Thursday, February 28, 2013

Two Steps Forward, One Step Back (Isn't Even That Great of a Metaphor)

Yesterday evening, I got pretty deeply triggered, and stuck in some old trauma. We experience trauma not only from things that happen directly to us  - "I was hurt, I could have been killed, my boundaries were deeply violated" - but also from what happens to the people around us - "I see her being hurt, I see him almost being killed, I see them being targeted"- and in our experiences of helping other people to deal with and start to heal from their own trauma. This vicarious trauma is just as real as what we directly experience - by seeing other's pain, and by working with them on it, to do this at all, we need empathy. And to do it well, we need a great deal of compassion, a word that comes from the Latin for co-suffering. None of us (healers of any sort) get in and stay in this for the money; a lot of the actual work of helping people heal is unpaid, and a lot of the most physically demanding jobs in health care are poorly paid. The well-paid work requires extensive education, and there are easier ways to make a buck with that level of education. We are healers because we can't not be - we see suffering in others and we can't help but want to help alleviate that suffering.
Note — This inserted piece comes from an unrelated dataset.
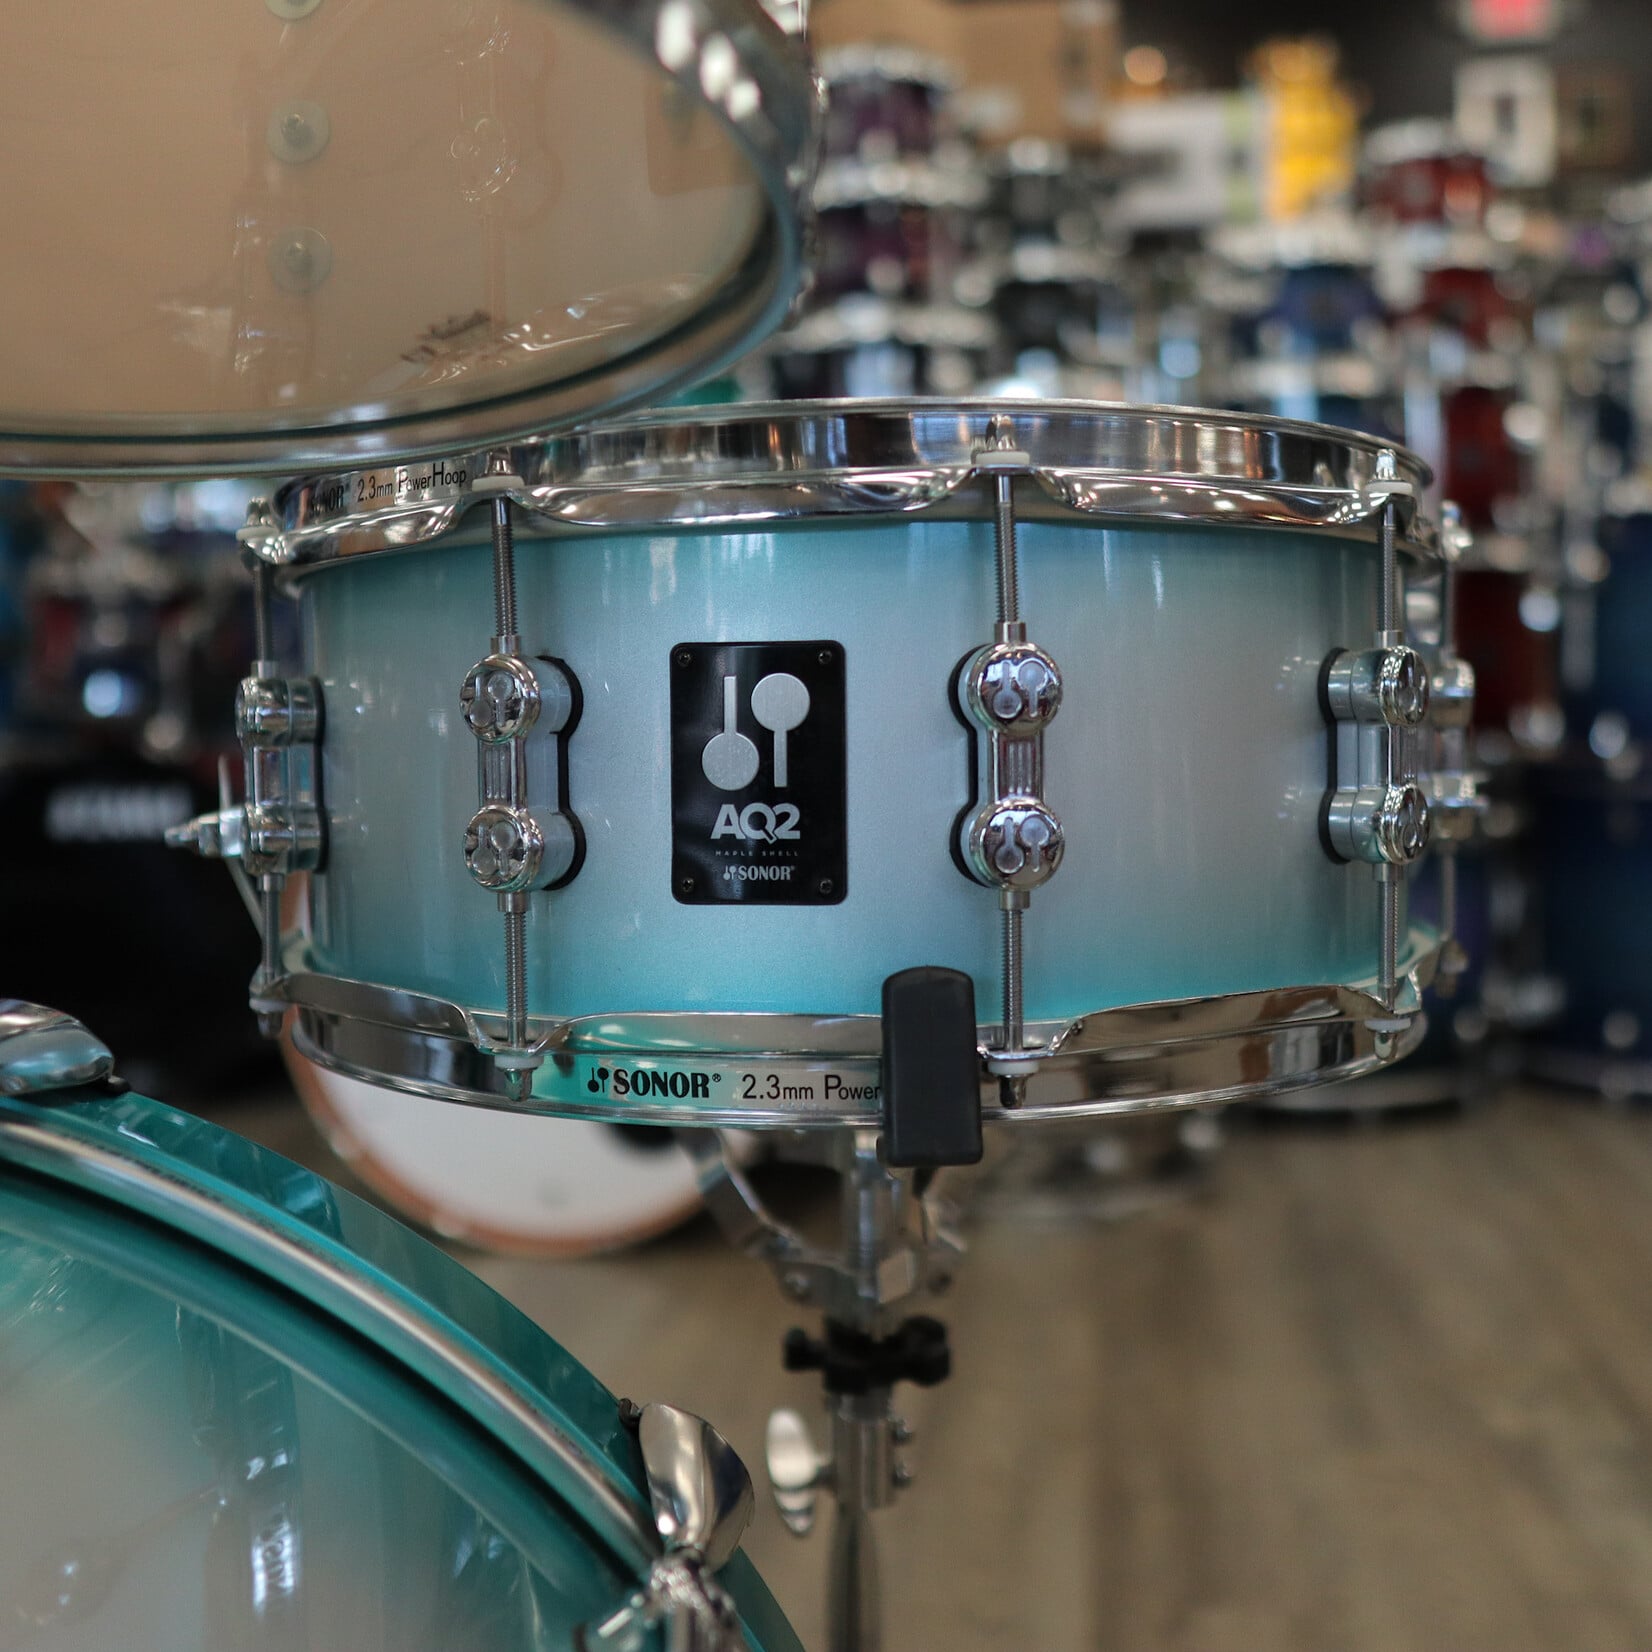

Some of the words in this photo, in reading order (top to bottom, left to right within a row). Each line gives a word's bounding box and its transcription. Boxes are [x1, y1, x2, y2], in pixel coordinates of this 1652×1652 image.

[357, 475, 393, 502] 2.3mm
[398, 461, 467, 493] PowerHoop
[710, 802, 801, 844] AQ2
[741, 1073, 814, 1100] 2.3mm
But in addition to the toll the conditions of our work can often take on us - the modern hospital can look a lot like a factory floor, and everyone has too many patients, and too much they're supposed to do for them to not, at the very least, be completely worn down by the end of the shift - the trauma we bear witness to everyday takes its own toll, and can bring our own trauma back to the surface. And it doesn't necessarily matter how similar or different our experiences are - caregiving is emotionally intense work, and being truly present and compassionate means that we're going to be affected by what we witness.

So, back to the title of this post. I'm really fond of telling people that recovery from emotional trauma isn't linear, and that doesn't just mean we'll occasionally have setbacks. To present the analogy of a physical wound, a wound can be fresh and bleeding - that's acute trauma. It can also be oozing a bit, still not through the initial healing process, where we hopefully process it and recover enough to go on with some sort of regular rhythm of life, whether it's the old one or a new one. Or it can be an old scar, that we think we're through with...but sometimes we have to break up old scar tissue because it's putting restrictions on our life, and sometimes scars ache.

Just because we're breaking up that scar tissue - or even if some change in our life makes that scar ache intensely - doesn't mean we've taken too many "steps back" in our own process of recovery. And forgetting that lesson, that truth that I've told so many other people, had me beating myself up for a while - something that was far more harmful to me than being triggered - until I could say to a housemate that I had gotten triggered, and was greeted with acceptance and concern, and not judgment. Only then could I realize that I wasn't treating myself with acceptance, but with judgment.

Burnout is an ever present danger for caregivers - in the past, when I was street medicing intensely, and supporting people who had gone through incredibly traumatizing experiences, I began to feel it not when those things made my own experiences of trauma ache, but when I couldn't accept those aches as a part of being human. Instead, I saw them as a weakness on my part. Being a strong, competent healer doesn't mean never suffering ourselves - it means being able to be compassionate to others, and then, going and being compassionate toward oneself. If I'm not being compassionate to myself, I'll have too much going on with my own emotional wounds to be able to put my own concerns aside while I'm working with someone else - and I won't be able to make, in the moments I'm working with them, their own needs my true focus. As my own unprocessed trauma piles up, I'll be a patient trying to take care of other patients, and the first rule I learned about street medicing is "don't create another patient".

I think the most important lesson I've been taught in the last couple of months was one thing a preceptor had us repeat when she was showing us Emotional Freedom Technique ("tapping") - every time she had us mention an anxiety we had, it was always in the form of "even though ______, I completely love and accept myself". No amount of intellectual understanding of how our own experiences of trauma work, and how we can be affected by vicarious trauma can replace telling that message to ourselves like we mean it, until we really mean it.

More and more, I think the two best guardians against burnout are, first, not pushing down our own feelings, and, second, being part of a community that will remind us that we need to be compassionate toward ourselves when we forget to be. Learning to say "yes, even though I have witnessed suffering, and that suffering sometimes stirs up my own past experiences of suffering, I completely love and accept myself. The scars I bare are a part of what makes me the person I am today, a unique being worthy of compassion just like every other human being. I completely love and accept myself, scars and all" is vital. I could probably do this work for a while without completely loving and accepting myself, scars and all - but to do it for a lifetime, compassion needs to not be a solely outward facing thing, and I'm glad I've got people in my life who will remind me of that anytime I forget. After all, I do the same for them.